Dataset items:
● ● ● ● ●

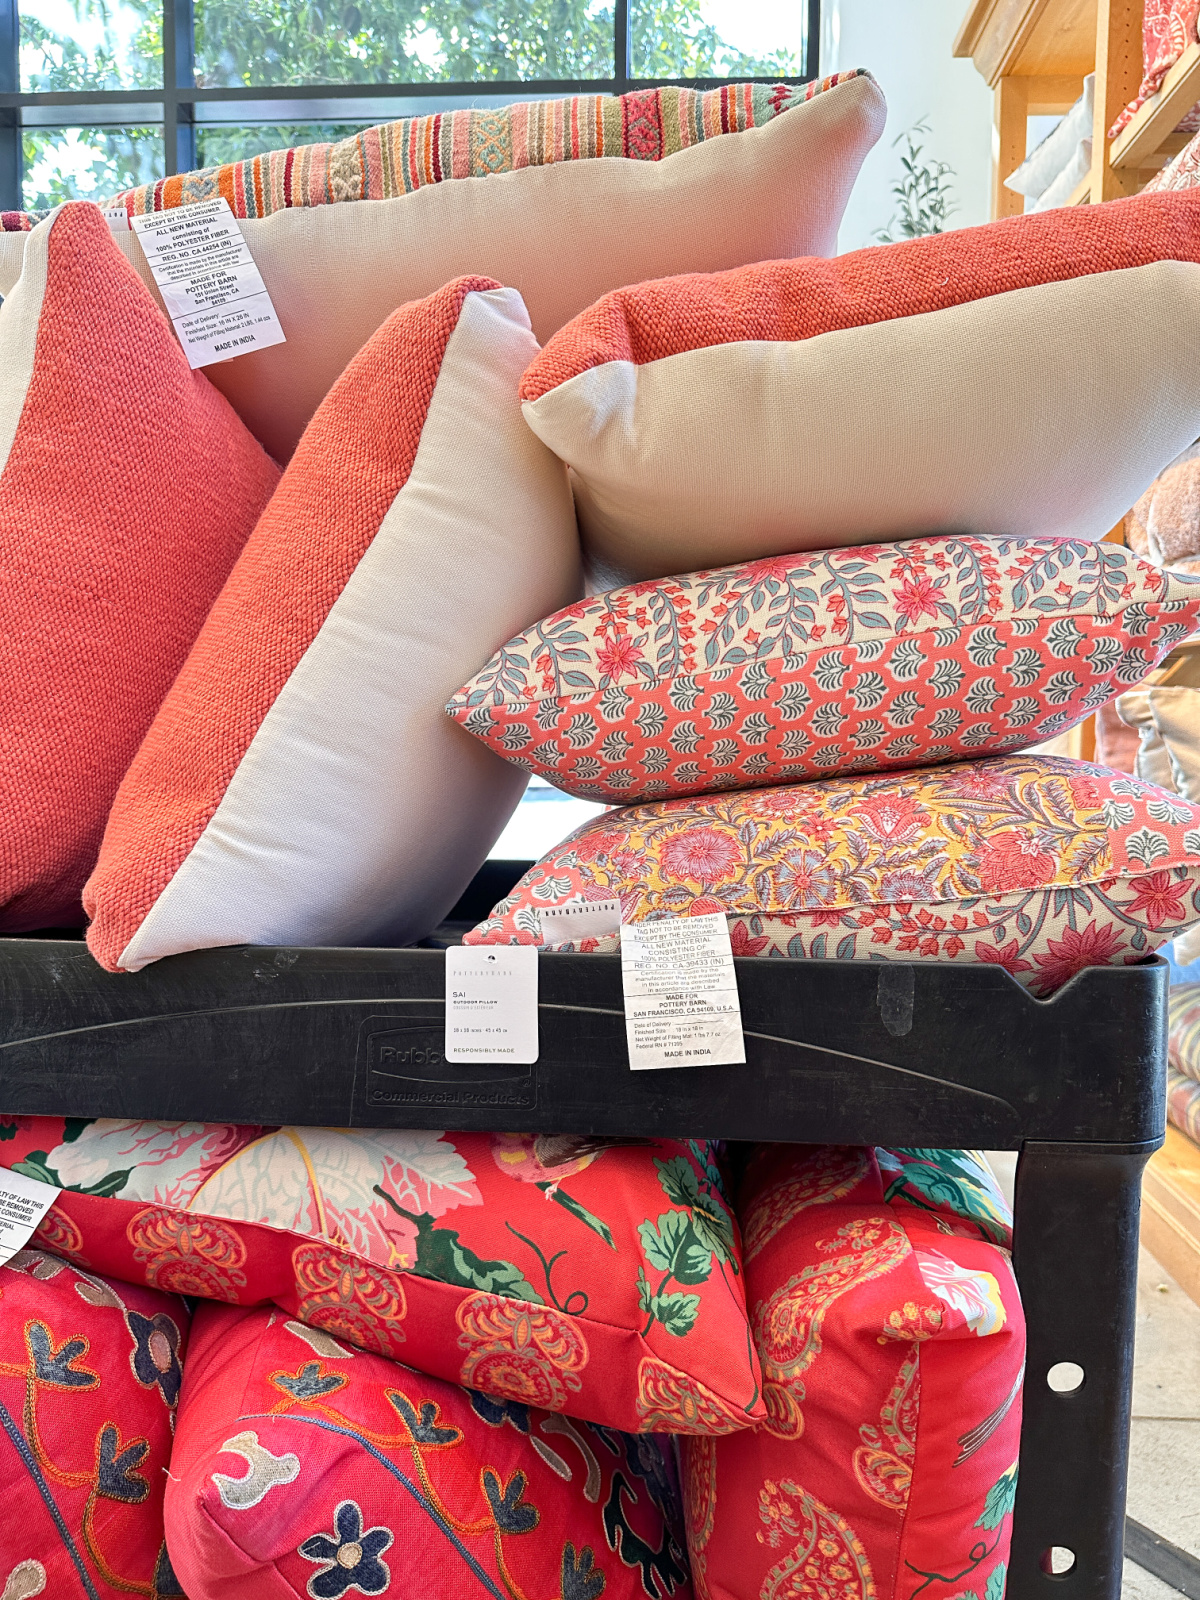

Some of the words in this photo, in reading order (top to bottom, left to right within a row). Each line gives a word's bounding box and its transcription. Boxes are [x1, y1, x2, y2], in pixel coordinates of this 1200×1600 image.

[144, 219, 166, 229] EXCEPT
[189, 207, 220, 218] CONSUMER
[170, 224, 184, 233] NEW
[185, 216, 218, 229] MATERIAL
[172, 229, 202, 240] consisting
[173, 235, 210, 248] POLYESTER
[211, 229, 230, 239] FIBER
[202, 243, 220, 252] 44254
[221, 240, 231, 248] (IN)
[190, 275, 210, 286] MADE
[212, 270, 227, 279] FOR
[185, 281, 216, 294] POTTERY
[218, 275, 237, 286] BARN
[204, 288, 218, 296] Union
[219, 283, 234, 292] Street
[185, 327, 206, 336] Finished
[214, 341, 232, 352] MADE
[240, 334, 256, 344] INDIA
[682, 929, 718, 937] CONSUMER
[674, 936, 711, 946] MATERIAL
[648, 946, 695, 956] CONSISTING
[658, 953, 695, 962] POLYESTER
[372, 1090, 459, 1104] Commercial
[462, 1092, 529, 1105] Products
[6, 1202, 34, 1214] REMOVED
[17, 1197, 31, 1205] LAW
[31, 1200, 44, 1209] THIS
[1, 1209, 32, 1222] CONSUMER
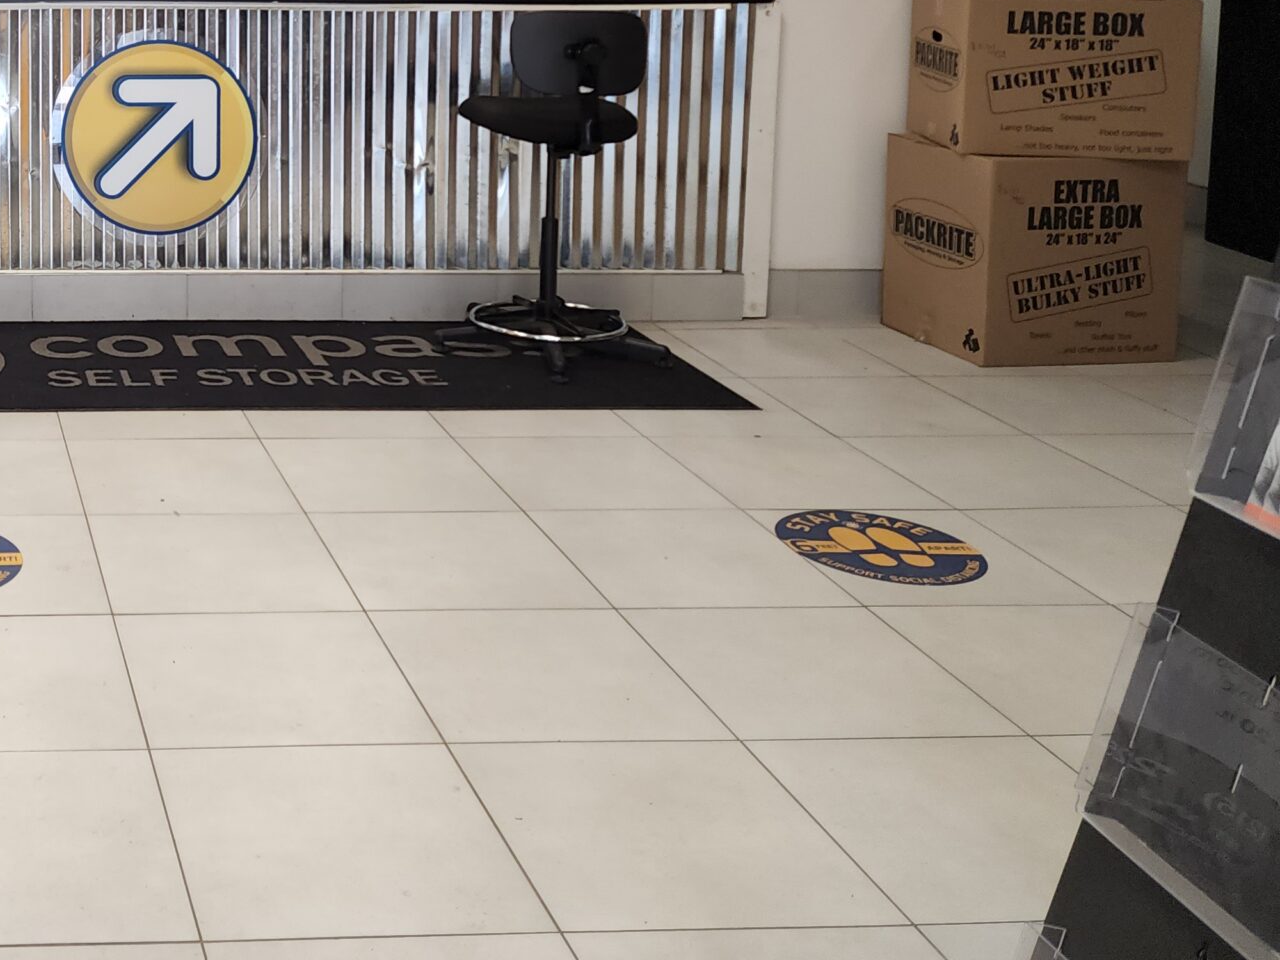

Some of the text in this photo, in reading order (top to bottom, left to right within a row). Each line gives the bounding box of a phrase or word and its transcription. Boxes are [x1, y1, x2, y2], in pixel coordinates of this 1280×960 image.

● ● ● ● ●

* What needs to be done
Return all the data exactly, and keep the pictures out.

* Response
Some of the words in this photo, in reading order (top to bottom, left to right within a row). Each line gives a word's bounding box and its transcription. Boxes are [x1, y1, x2, y2], in pixel coordinates of this 1200×1600 image.

[144, 219, 166, 229] EXCEPT
[189, 207, 220, 218] CONSUMER
[170, 224, 184, 233] NEW
[185, 216, 218, 229] MATERIAL
[172, 229, 202, 240] consisting
[173, 235, 210, 248] POLYESTER
[211, 229, 230, 239] FIBER
[202, 243, 220, 252] 44254
[221, 240, 231, 248] (IN)
[190, 275, 210, 286] MADE
[212, 270, 227, 279] FOR
[185, 281, 216, 294] POTTERY
[218, 275, 237, 286] BARN
[204, 288, 218, 296] Union
[219, 283, 234, 292] Street
[185, 327, 206, 336] Finished
[214, 341, 232, 352] MADE
[240, 334, 256, 344] INDIA
[682, 929, 718, 937] CONSUMER
[674, 936, 711, 946] MATERIAL
[648, 946, 695, 956] CONSISTING
[658, 953, 695, 962] POLYESTER
[372, 1090, 459, 1104] Commercial
[462, 1092, 529, 1105] Products
[6, 1202, 34, 1214] REMOVED
[17, 1197, 31, 1205] LAW
[31, 1200, 44, 1209] THIS
[1, 1209, 32, 1222] CONSUMER

Some of the text in this photo, in reading order (top to bottom, left to right within a row). Each line gives the bounding box of a phrase or word and its transcription. Boxes are [x1, y1, x2, y2], in pixel coordinates of this 1280×960 image.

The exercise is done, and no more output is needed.